Erythroid cell differentiation can be achieved in vitro by means of several chemical or natural agents. Cell differentiation is accompanied by biochemical and molecular changes which show that the inducer is active at different molecular levels. Among the chemical agents that are able to induce cell differentiation, the anticancer drugs are of great interest for the emerging study of in vitro and in vivo models for differentiation treatment. Cis-diamminedichloroplatinum II (CDDP), a crosslinking DNA compound, is usually employed at a high dosage in treating solid tumors.
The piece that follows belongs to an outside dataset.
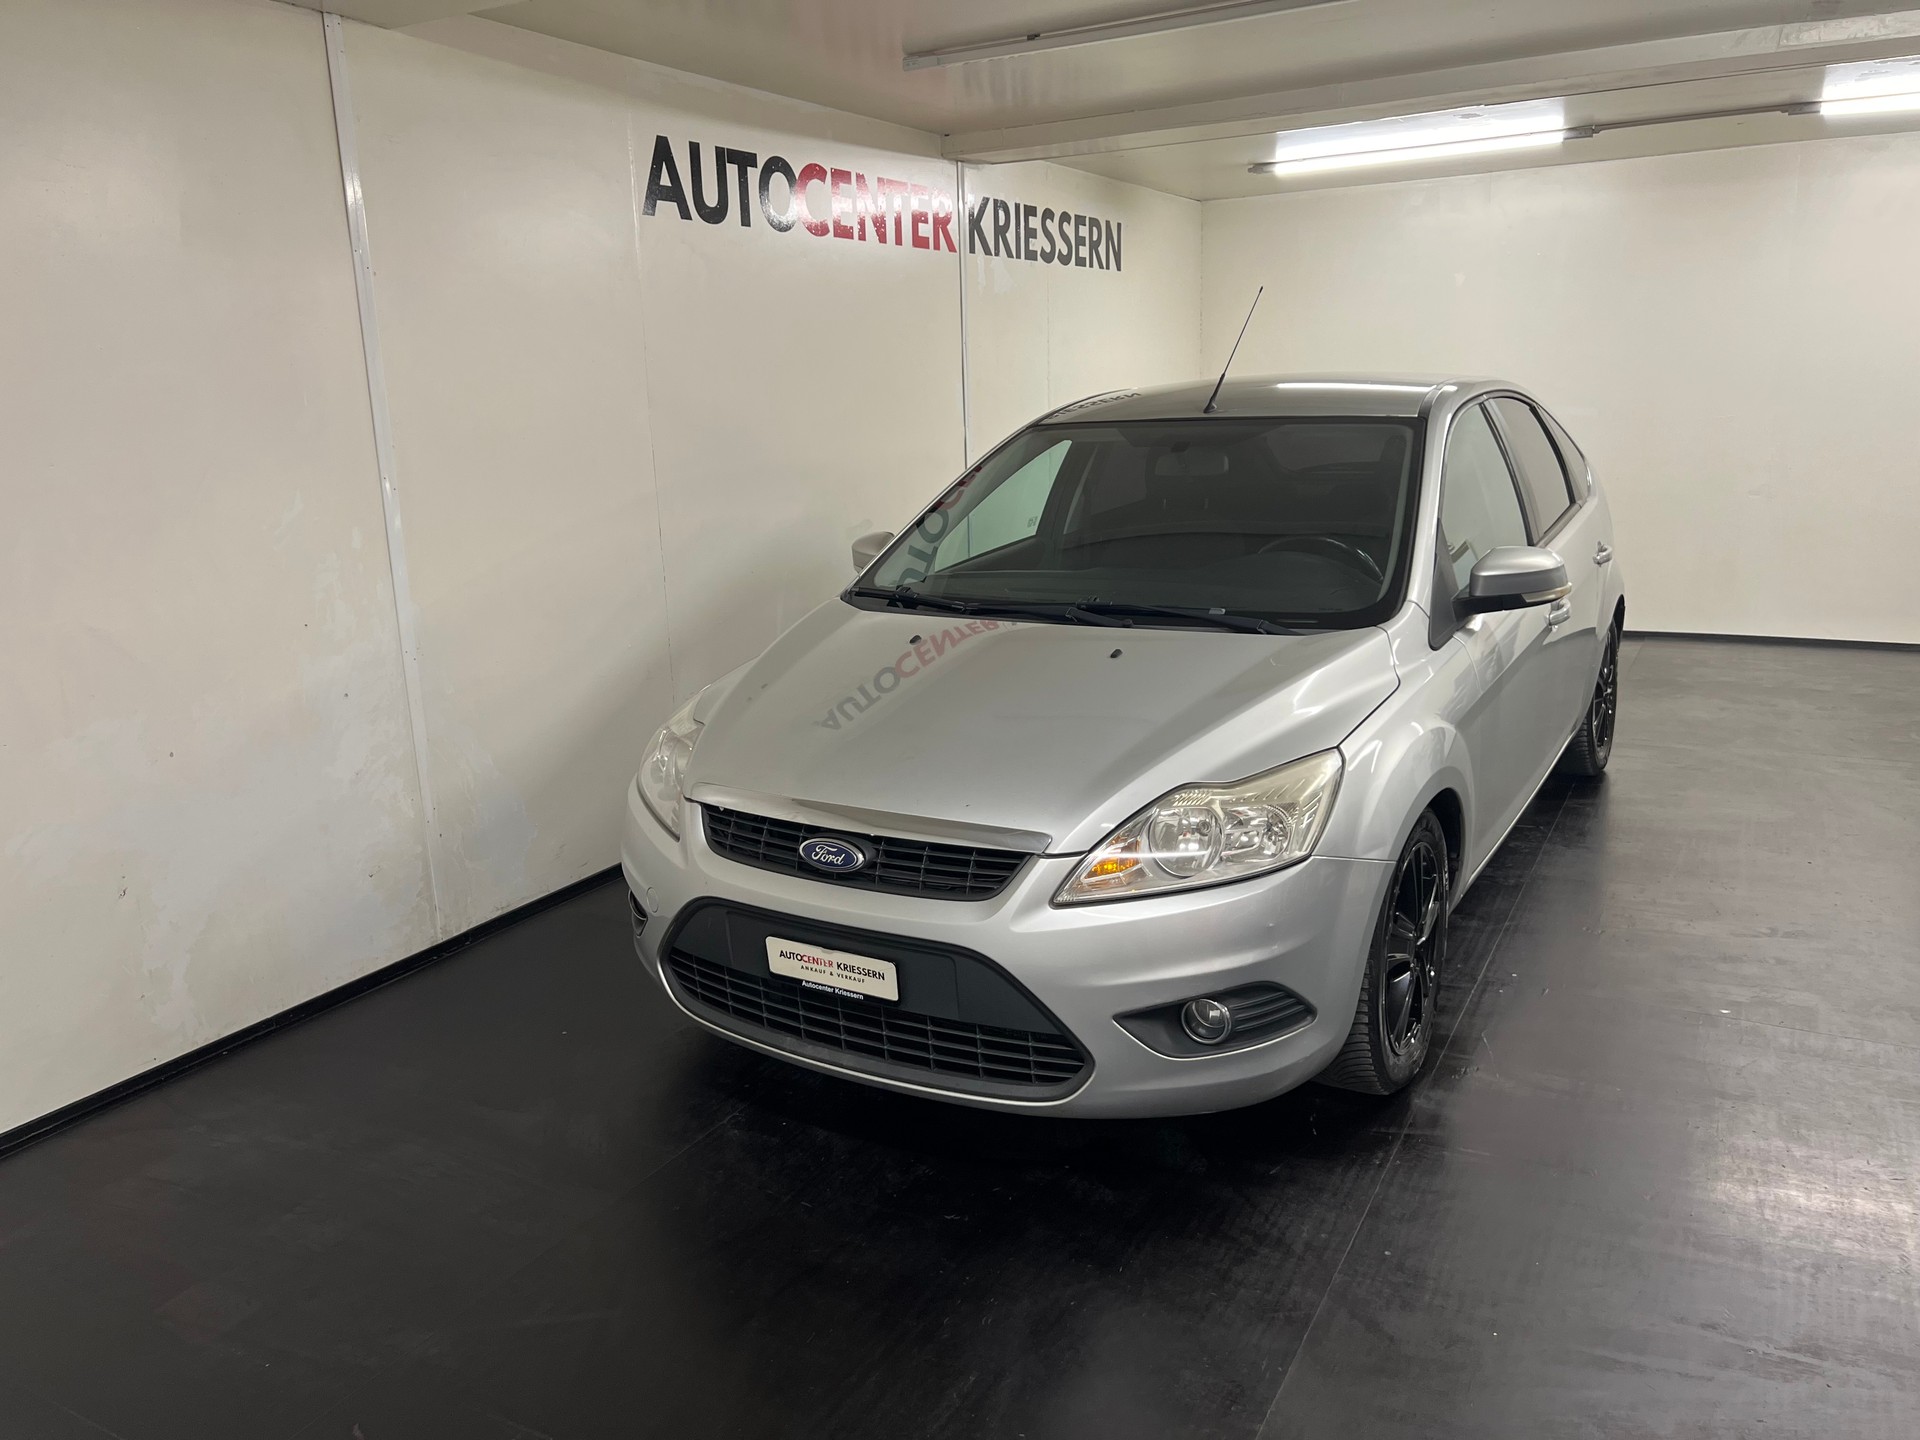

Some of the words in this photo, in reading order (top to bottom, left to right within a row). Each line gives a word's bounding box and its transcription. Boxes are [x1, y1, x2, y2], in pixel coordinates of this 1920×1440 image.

We have demonstrated that CDDP was also able to induce K562 cells towards erythroid differentiation. In our experiment 2.5 micrograms/ml of CDDP caused expression of alpha-globin chain gene and production of haemoglobulin. Continuous presence of the drug was not necessary to induce the cell to produce haemoglobin. Five days after CDDP treatment, the expression of c-myc oncogene had risen, while H3 histone mRNA expression fell to undetectable levels within 24 hours. Transferrin (Tf) receptor mRNA was reduced but later (about 48 hours) than c-myc and H3 messenger RNAs. The inhibition of cell proliferation was correlated both with the reduced expression of Tf receptor mRNA and low expression of the protein. However, expression of the cytoskeleton vimentin gene was only slightly affected during the time-course of the experiment. Data show that at least three phases were present in the irreversible CDDP induction of haemoglobin synthesis in the K562 cell. The erythroid differentiation was first preceded by a rise of c-myc mRNA, which probably precommits the cell towards the erythroid lineage. The mRNA levels of the cell-cycle dependent genes, H3 and Tf receptor, decreased and inhibition of DNA synthesis and loss of cell proliferation were detected. Finally, the alpha-globin chain gene was actively transcribed and the cell produced haemoglobin.